The authors declare that the research was conducted in the absence of any commercial or financial relationships that could be construed as a potential conflict of interest.

Figures

Figure 1
Figure 1
Heterogeneity in the CD8+ T cell pool. Upon antigen presentation and cytokine release by dendritic cells (DCs), naïve CD8+ T cells differentiate into different subsets including cytotoxic/cytolytic (Tc1 or CTLs), Tc2, Tc9, Tc17, Tc22, and immunosuppressant T regulatory (T reg). CD8+ T cells produce different cytokines according to their phenotype. A few clones remain and constitute the memory compartment (i.e. central memory, effector memory, tissue-resident memory). Modified from Golubovskaya and Wu (15), Mittrücker et al. (22) and St. Paul and Ohashi (23). CTL, cytotoxic T lymphocyte; DC, dendritic cell; Tcm, central memory T cell; Tem, effector memory T cell; Trm, tissue-resident memory T cell.
Figure 2
Figure 2
Potential mechanisms of the adaptive immune response towards gut microbiota in homeostasis and chronic inflammation. Under homeostasis, microbiota is restricted to the lumen of the gut by both an epithelial cell layer and a mucus layer, produced by goblet cells and full of antibacterial peptides. Dendritic cells (DCs), M cells and macrophages acquired antigens from the lumen. Antigen presenting cells (APCs) carrying those antigens migrate to Peyer´s patches (PP) where they present the antigens to naïve T cells to prime them. Regulatory CD8+ T cells are able to immunosuppress Tc1 by interleukin (e.g. IL10) release and cell-cell contact, leading Tc1 cells towards anergy, a non-responsive stage, or even re-directed towards a T reg phenotype.
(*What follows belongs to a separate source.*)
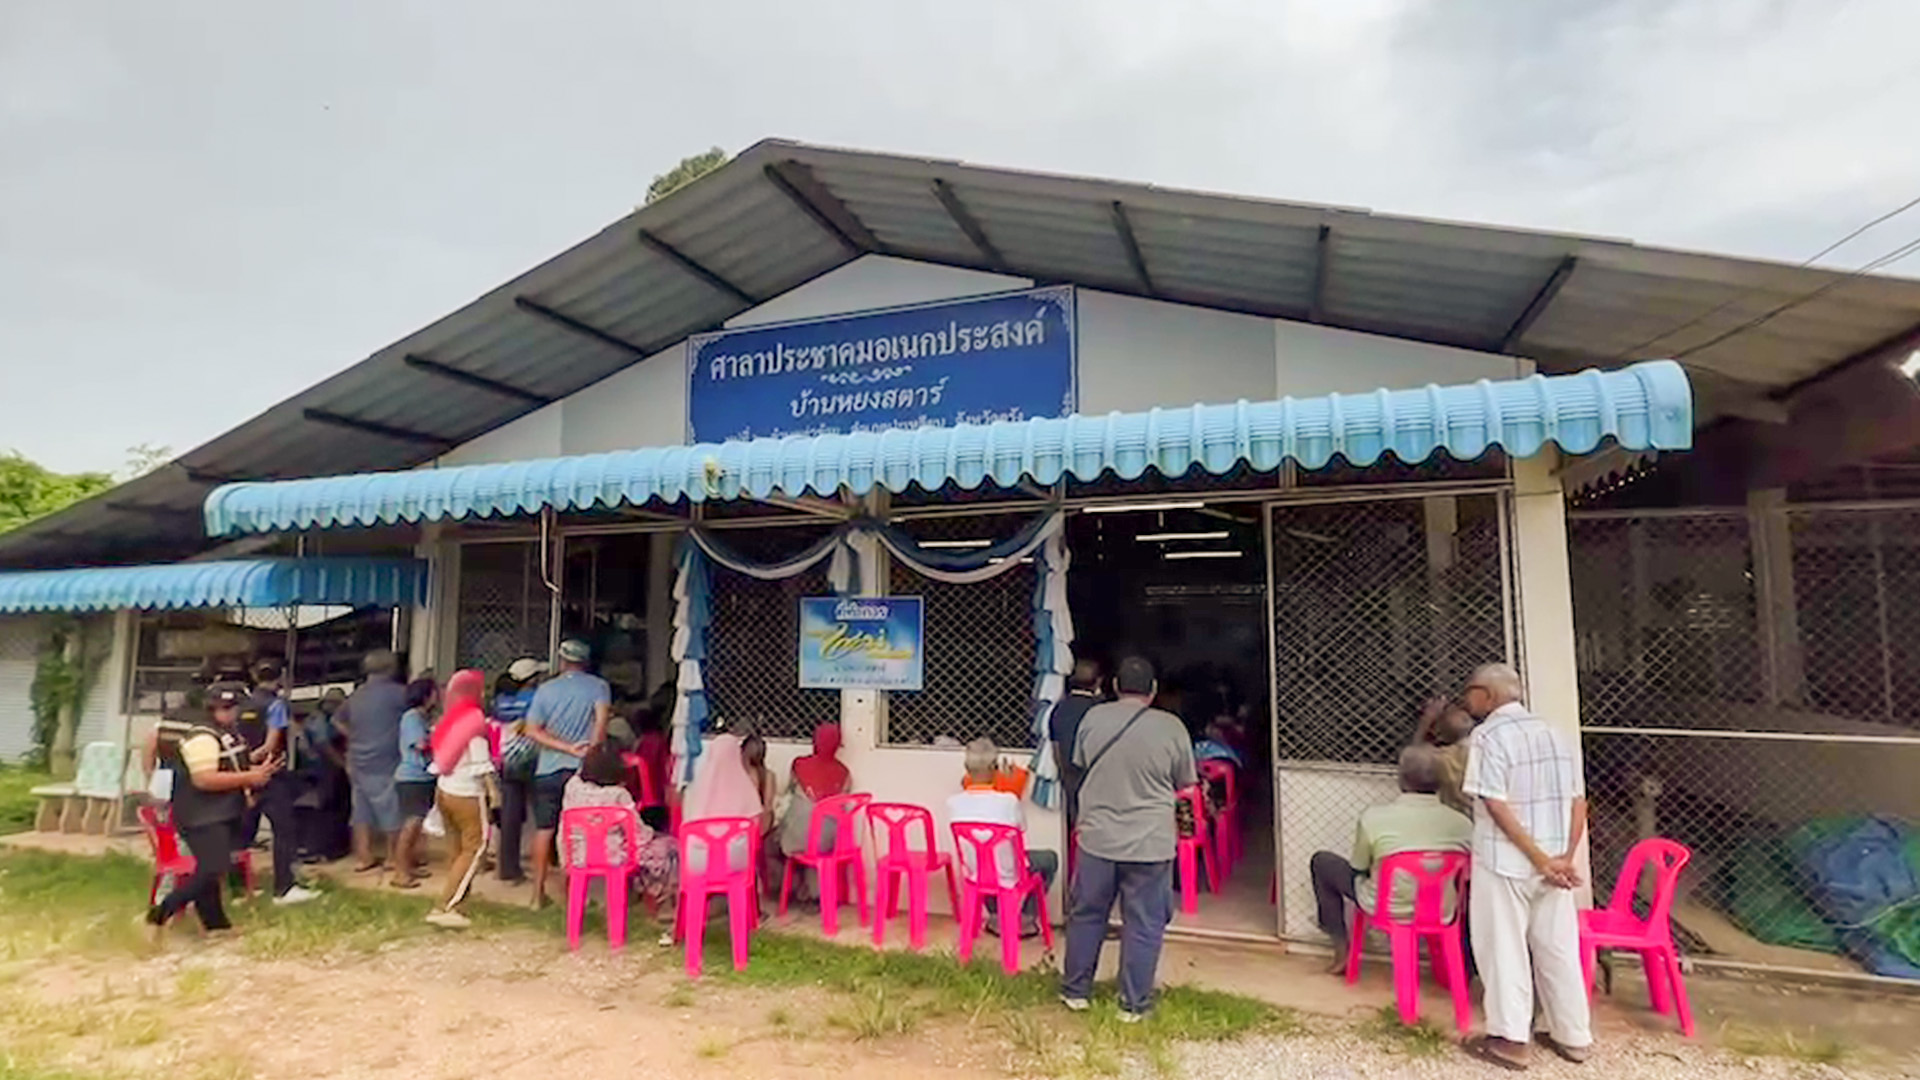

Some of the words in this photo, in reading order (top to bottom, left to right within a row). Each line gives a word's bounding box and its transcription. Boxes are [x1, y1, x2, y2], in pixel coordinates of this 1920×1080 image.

[710, 306, 1046, 380] ศาลาประชาคมอเนกประสงค์
[790, 377, 949, 417] บ้านหยงสตาร์
Some double positive Foxp3+ IL17+ cells might be in an intermediate stage towards Tc17, relevant cells for mucosal maintenance. Trm cells contribute to the homeostasis of the tissue by releasing IL10. DC, dendritic cell; IL, interleukin; PP, Peyer´s patch; Tc1 or CTL, cytotoxic T lymphocyte; Tc17, IL17-producing CD8+ T cells; T reg, CD8+ T regulatory cell.
Figure 3
Figure 3
Potential mechanisms of the adaptive immune response towards gut microbiota in chronic inflammation. Increased numbers of pathogenic bacteria (e.g. Clostridium difficile, Chlamydia pneumonia, Listeria monocytogenes) have been reported in IBD patients (50). During chronic inflammation, functional cytotoxic CD8+ Tc1 cells might be predominantly generated. The disruption of the epithelial barrier might occur by the cytotoxic effect of commensal-specific Tc1 recognizing peptides derived from commensal bacteria on the MHC-I of epithelial cells. Once the epithelial barrier is broken, bacteria can pass freely to the lamina propria initiating an immune response by members of the innate immune system (e.g. macrophages). Due to the plasticity of the cells and a highly pro-inflammatory milieu, CD8+ T regs might be driven towards Tc1 or IFN+ T regs, making the damage even greater. Trm express pro-inflammatory genes in the context of inflammation. Those pro-inflammatory Trm might be derived from pro-inflammatory Tc1 and Tc17, and some clones might exit the tissue via the blood stream and initiate inflammation in other tissue outside the gastrointestinal tract. DC, dendritic cell; GrB, granzyme B; IFNγ, interferon gamma; IL, interleukin; MHC-I, major histocompatibility complex class I; PP, Peyer´s patch; Tc1 or CTL, cytotoxic T lymphocyte; Tc17, IL17-producing CD8+ T cells; TGFβ, transforming growth factor beta; T reg, CD8+ T regulatory cell.